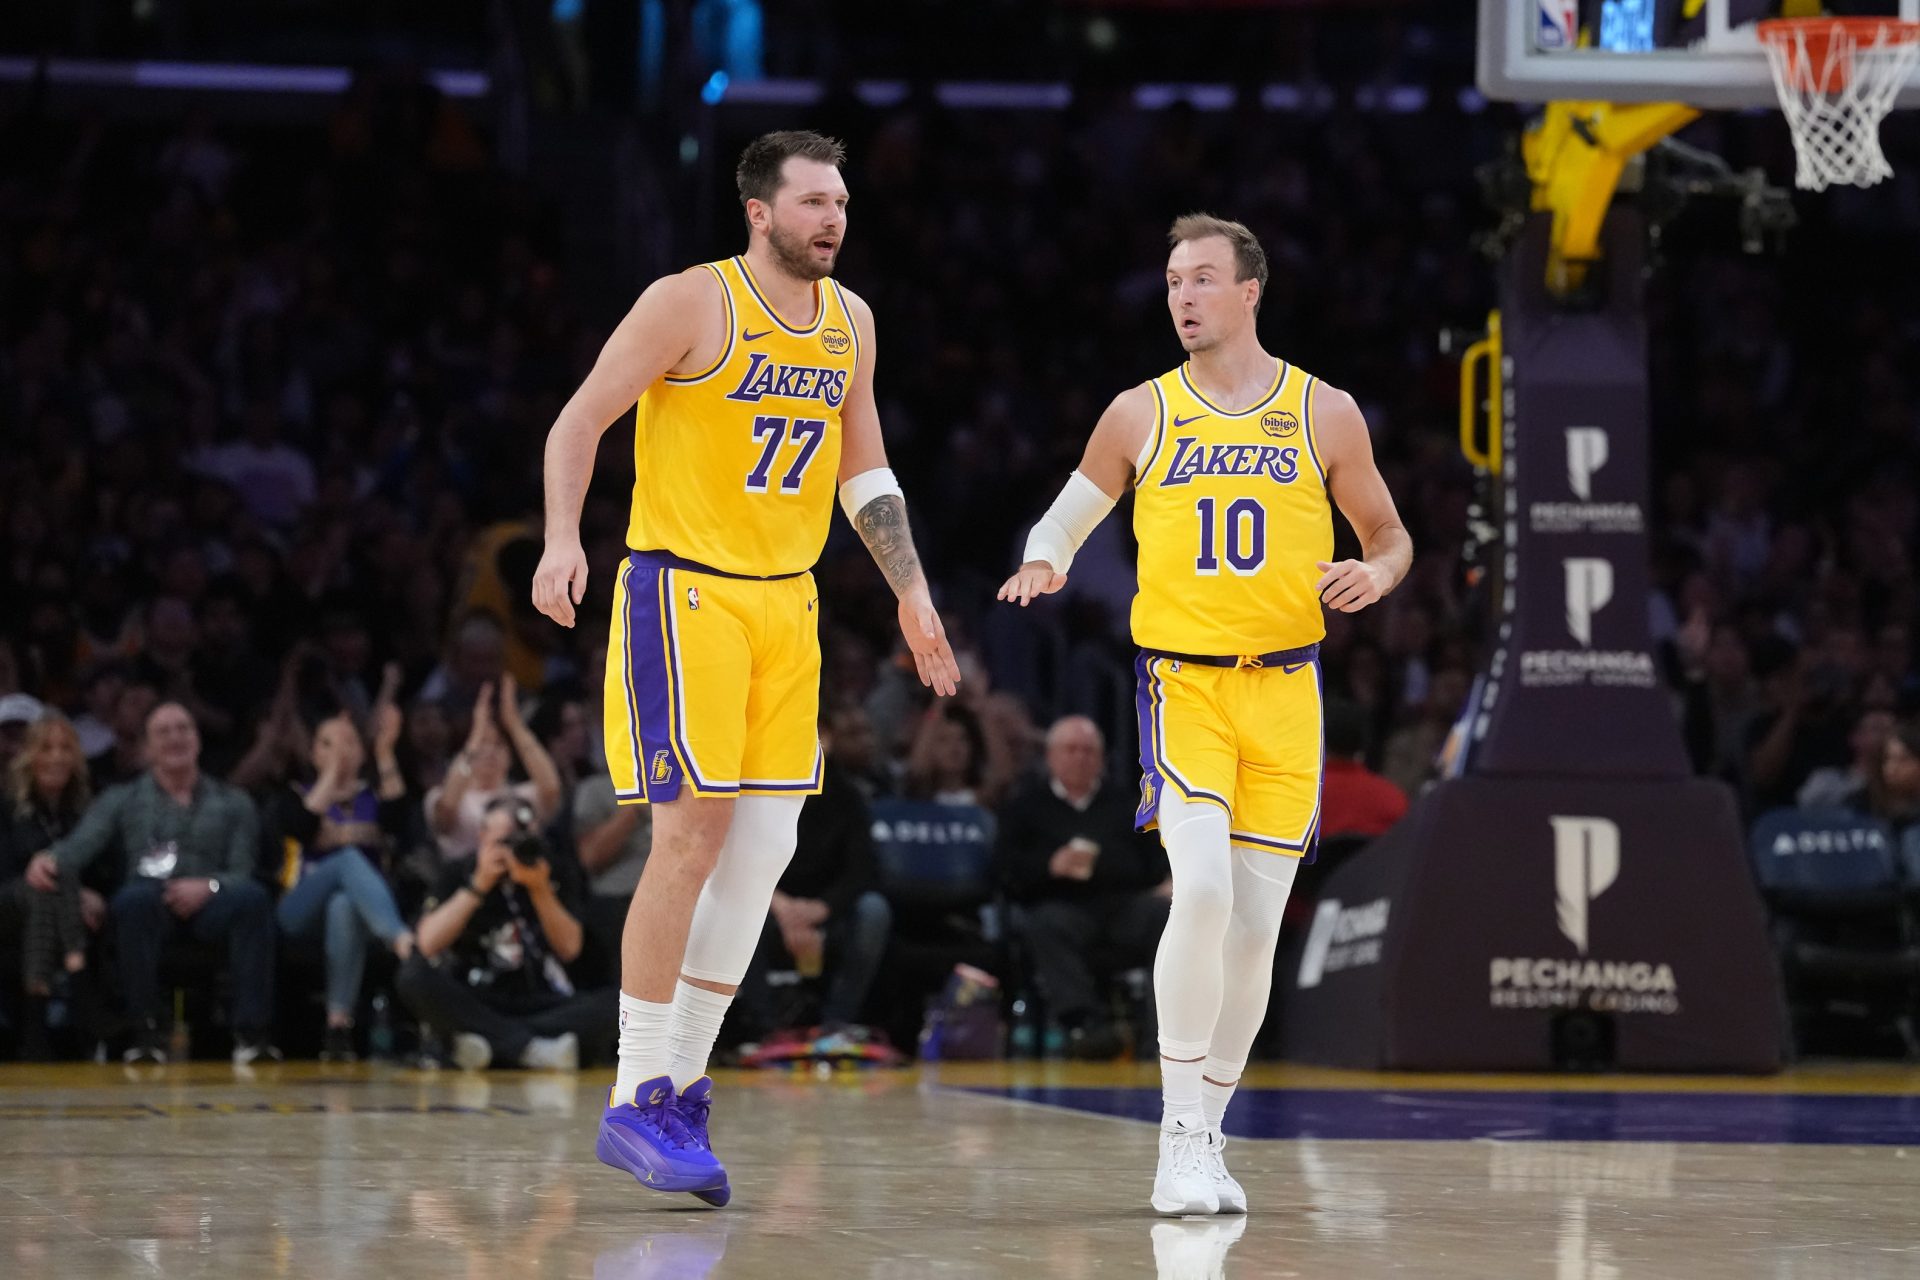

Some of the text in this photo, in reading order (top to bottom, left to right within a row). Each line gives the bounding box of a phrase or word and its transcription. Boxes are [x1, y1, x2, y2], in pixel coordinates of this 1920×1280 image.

[823, 335, 848, 347] bibigo
[725, 353, 848, 409] LAKERS
[1264, 417, 1296, 430] bibigo
[744, 415, 827, 495] 77
[1158, 436, 1301, 487] LAKERS
[1195, 496, 1267, 577] 10
[1491, 958, 1676, 992] PECHANGA
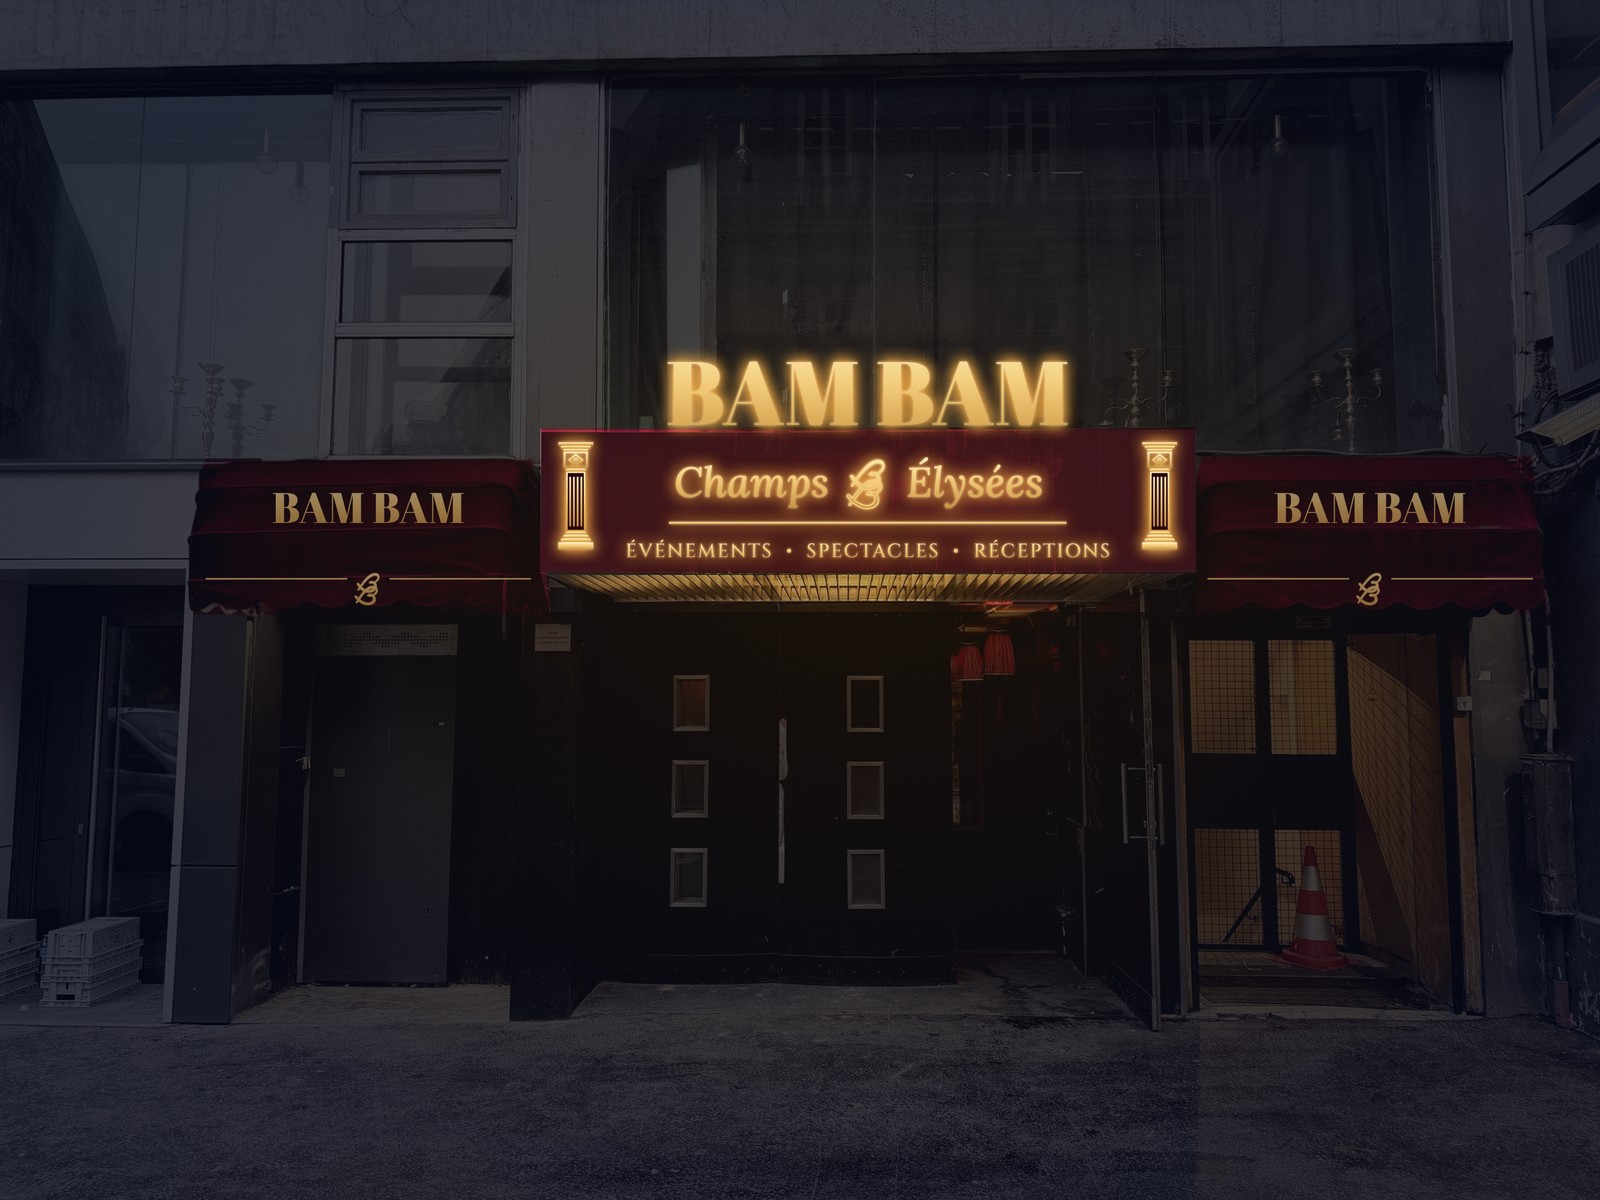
———
- BRIEF
Transcribe the material exactly, keeping every word and none of the pictures.

- OUTPUT
Some of the text in this photo, in reading order (top to bottom, left to right within a row). Each line gives the bounding box of a phrase or word and its transcription. Boxes are [x1, y1, x2, y2], in pixel coordinates of this 1920×1280 image.

[823, 335, 848, 347] bibigo
[725, 353, 848, 409] LAKERS
[1264, 417, 1296, 430] bibigo
[744, 415, 827, 495] 77
[1158, 436, 1301, 487] LAKERS
[1195, 496, 1267, 577] 10
[1491, 958, 1676, 992] PECHANGA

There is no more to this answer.